## THE TASK
An image-free, verbatim transcription of the records is the expected result.

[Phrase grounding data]
>>>

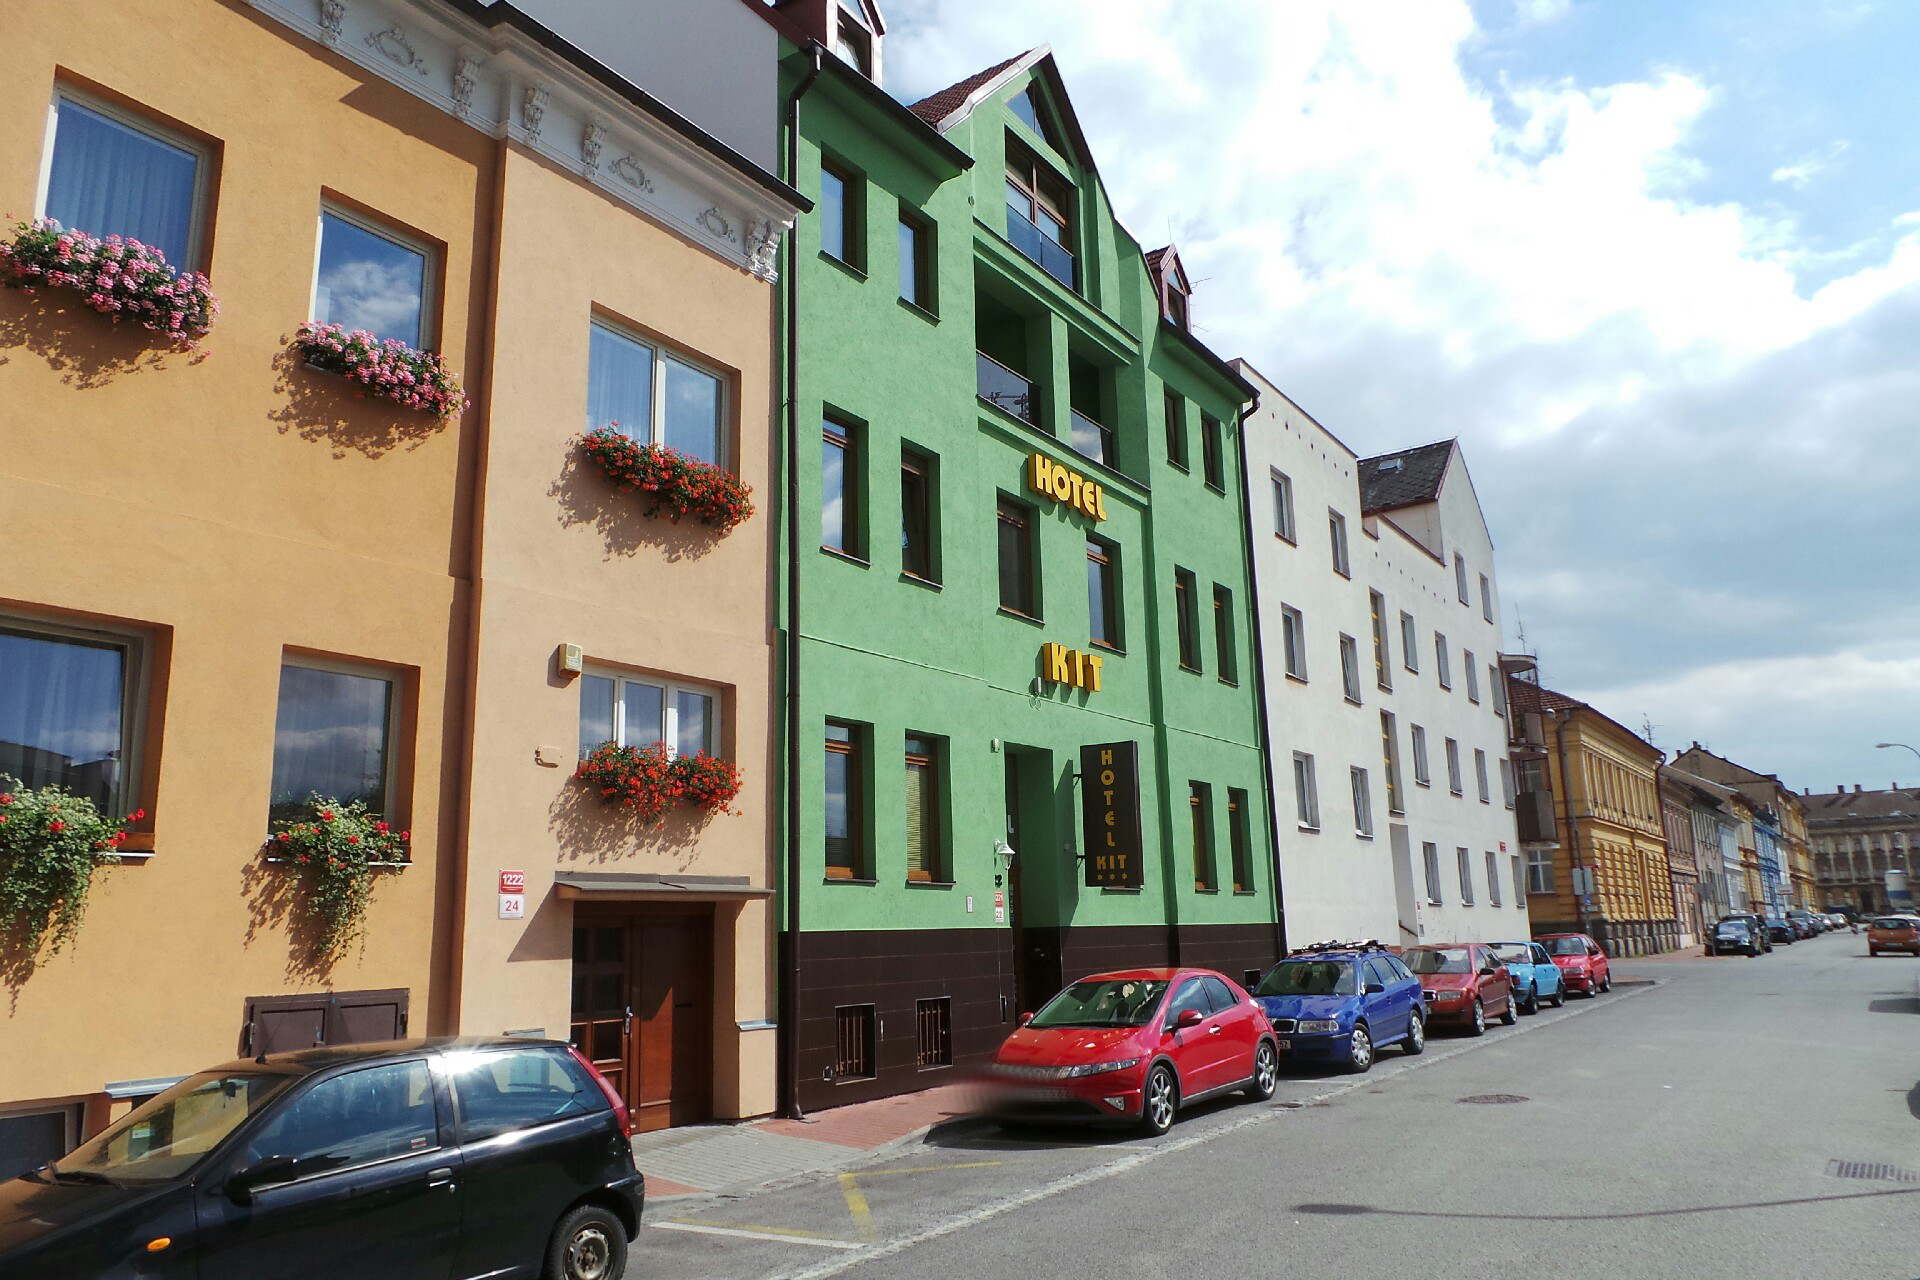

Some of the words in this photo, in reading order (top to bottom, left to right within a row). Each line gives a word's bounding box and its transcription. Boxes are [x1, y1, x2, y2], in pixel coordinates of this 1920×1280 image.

[1029, 453, 1107, 522] HOTEL
[1043, 642, 1103, 692] KIT
[1100, 749, 1116, 847] HOTEL
[1096, 854, 1127, 870] KIT
[502, 874, 524, 885] 1222
[505, 900, 519, 911] 24
[995, 910, 1003, 918] 22

<<<

## TASK ANSWER
Some of the words in this photo, in reading order (top to bottom, left to right within a row). Each line gives a word's bounding box and its transcription. Boxes are [x1, y1, x2, y2], in pixel coordinates of this 1920×1280 image.

[1029, 453, 1107, 522] HOTEL
[1043, 642, 1103, 692] KIT
[1100, 749, 1116, 847] HOTEL
[1096, 854, 1127, 870] KIT
[502, 874, 524, 885] 1222
[505, 900, 519, 911] 24
[995, 910, 1003, 918] 22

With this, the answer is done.